Comment est née l’idée d’organiser l’atelier international « Archicamp » ?
L’Archicamp est un atelier prospectif sur un thème précis à l’initiative de [L’Africaine d’architecture], une association créée en France par de jeunes étudiants et professionnels architectes et qui vise à promouvoir une approche originale des questions d’architecture et d’urbanisation des villes en Afrique. C’est dans ce cadre que nous avons décidé d’organiser un atelier, qu’on reproduira tous les ans dans une ville différente, sur un thème proposé par la ville hôte.
Pour cette première édition qui se tient à Lomé au Togo, nous avons choisi de travailler sur les nouvelles technologies et l’architecture modeste, l’architecture économique, qui mobilisent des ressources et des dynamiques locales.
Parlez-nous un peu de l’Archicamp Lomé 2012 ?
L’Archicamp de Lomé rassemblera du 22 juillet au 12 août 2012, une trentaine d’étudiants dont quatre représentants de l’École supérieure d’ingénierie, d’architecture et d’urbanisme (ESIAU) du Mali, plusieurs étudiants de l’École africaine des métiers de l’architecture et de l’urbanisme (EAMAU) à Lomé, une dizaine d’étudiants français, une étudiante italienne. Par ailleurs, un groupe d’étudiants du Nigeria est attendu à Lomé pour cet atelier. Les participants sont de spécialités diverses, architecture, anthropologie, sociologie, design, urbanisme, graphisme, technologies de l’information et de la communication, etc.
Il s’agira de faire trois espaces de co-working dans la ville de Lomé, c’est-à-dire des espaces de travail collaboratif pour des gens qui s’intéressent au numérique, aux nouvelles technologies, etc.

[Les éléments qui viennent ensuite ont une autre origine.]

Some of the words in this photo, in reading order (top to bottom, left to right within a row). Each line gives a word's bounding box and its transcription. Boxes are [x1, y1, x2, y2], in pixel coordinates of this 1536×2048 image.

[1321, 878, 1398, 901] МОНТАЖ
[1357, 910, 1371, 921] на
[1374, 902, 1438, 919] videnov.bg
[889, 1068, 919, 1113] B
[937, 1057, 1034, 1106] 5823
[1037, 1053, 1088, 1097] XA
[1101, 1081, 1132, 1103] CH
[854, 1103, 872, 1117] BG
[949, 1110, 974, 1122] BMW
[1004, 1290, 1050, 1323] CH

Pendant trois semaines donc, nous allons travailler à créer trois espaces sur trois sites qui ont été choisis à Lomé, avec à la fois des matériaux modestes et le recours aux nouvelles technologies.
Quel est l’objectif de l’Archicamp ?
L’objectif poursuivi est de voir comment les nouvelles technologies modernes peuvent aider à faire de l’architecture modeste avec des matériaux souvent négligés. Parce que généralement on pense que les nouvelles technologies s’opposent à tout ce qui est traditionnel, peu coûteux, etc. C’est pourquoi nous avons monté cet atelier pour confronter ces deux mondes aux fins d’en dégager des solutions innovantes pour des éco-projets responsables, intégrés à la ville. Notre but est alors de montrer que les nouvelles technologies ne sont pas forcément en conflit avec la modestie, l’économie.

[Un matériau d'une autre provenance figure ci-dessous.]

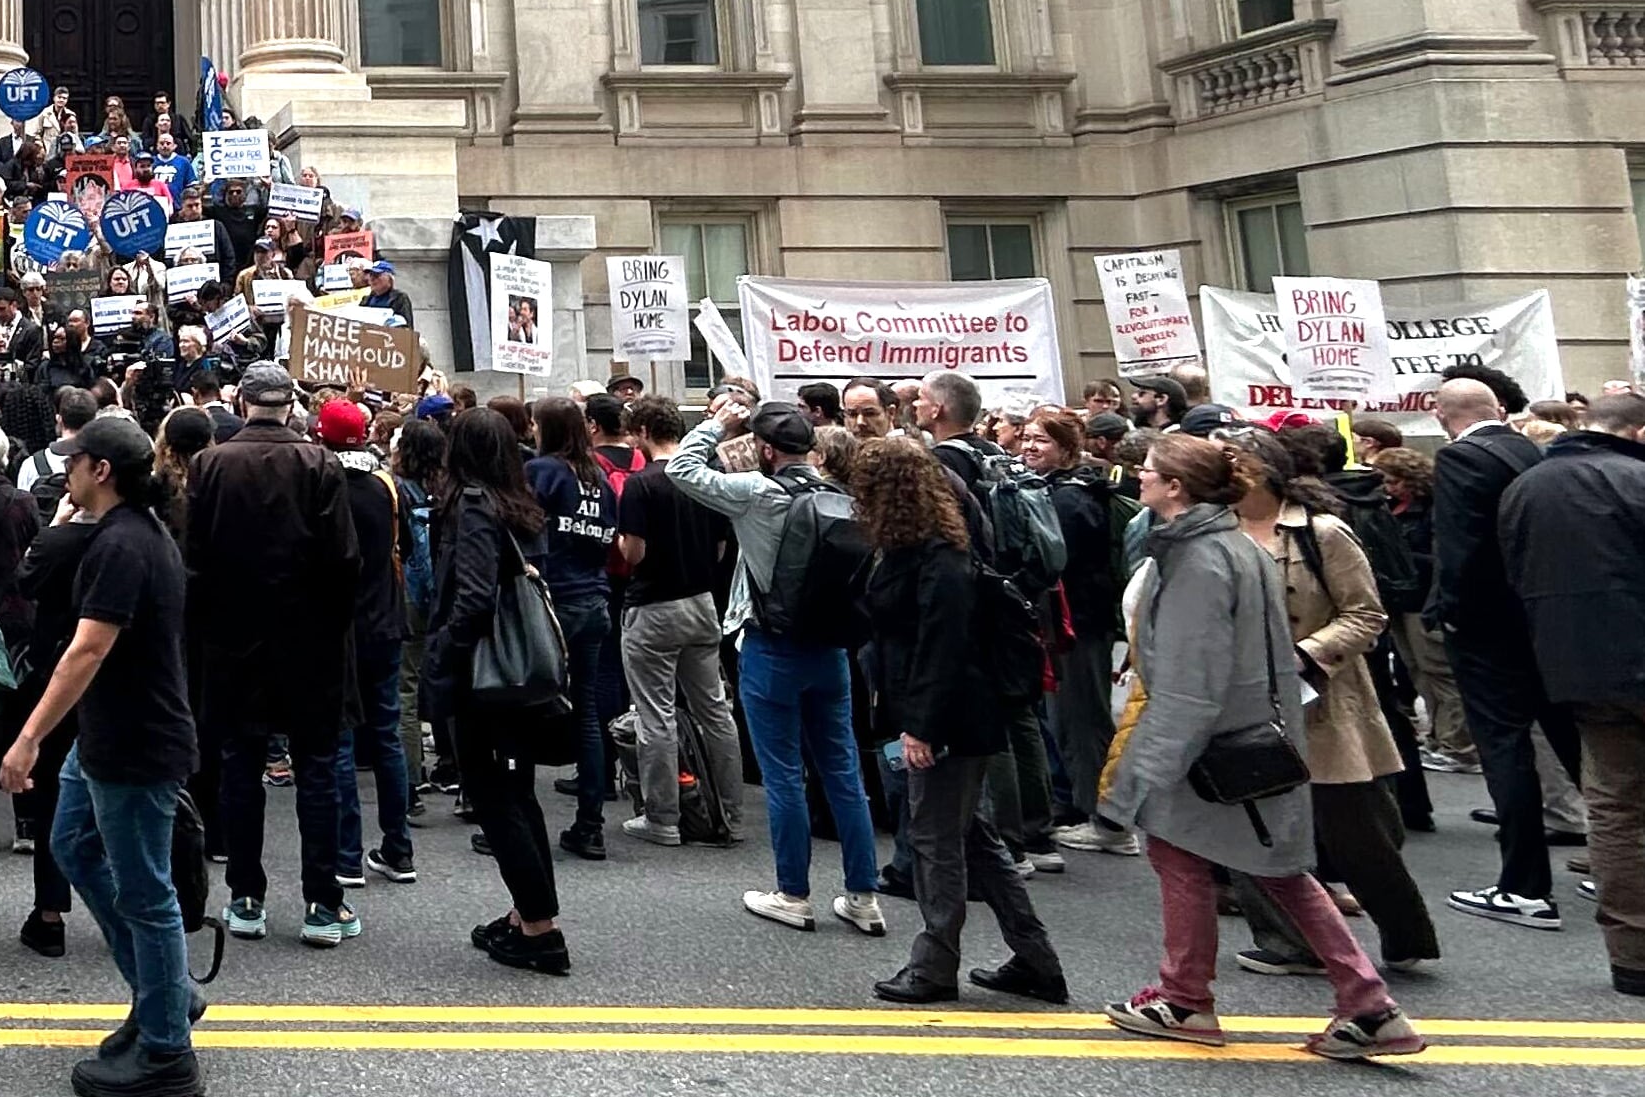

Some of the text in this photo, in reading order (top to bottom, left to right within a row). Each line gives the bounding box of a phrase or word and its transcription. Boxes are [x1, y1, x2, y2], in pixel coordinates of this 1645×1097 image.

Parlez-nous un peu du déroulement de cet atelier ?
Cet atelier comporte des communications thématiques, des présentations de projets et des travaux collaboratifs sur le terrain.
En amont, nous avions lancé un concours de récits urbains par l’intermédiaire et la collaboration d’une plateforme dénommée [Nativ, Droit à rêver], une association engagée dans la promotion des technologies de l’information et de la communication au Togo et en Afrique. Ce concours a permis de sélectionner deux sites, le terrain de Basket-ball au carrefour de Djidjolé et un espace à Togbato, sites auxquels nous avons ajouté un troisième qui est celui de la baie d’Atikoumé.
Au cours de cet atelier, nous ferons trois propositions, avec trois équipes que nous allons constituer pour d’intenses travaux pendant les trois semaines que durera cet atelier.
Quelle est la finalité de l’Archicamp ?
Nous proposerons des plans, des études sur la faisabilité, nous proposerons aussi des projets, quitte aux hôtes de l’atelier, la communauté du numérique locale, de s’emparer du projet et de faire assez de lobbying pour réunir des fonds afin qu’une de ces propositions voie le jour.
Nous nous réjouissons au passage de la visite de M. Louis Edjéou de la direction des Services techniques de la mairie de Lomé qui nous a promis sa disponibilité à accompagner l’initiative. Il est donc fort possible qu’en se mobilisant suffisamment et avec l’appui de la mairie et des partenaires potentiels, on arrive à construire un des projets que nous proposerons. En fait, nous jetons une passerelle…
Justement, comment envisagez-vous la passerelle entre la tradition et les innovations technologiques dans le cadre de cet Archicamp ?
Il faut dire que j’ai d’abord identifié une proximité entre la tradition et les technologies. C’est-à-dire que j’ai longtemps travaillé dans les sociétés de traditions à essayer de faire une architecture rigoureusement moderne et contemporaine mais qui respecte la société des traditions.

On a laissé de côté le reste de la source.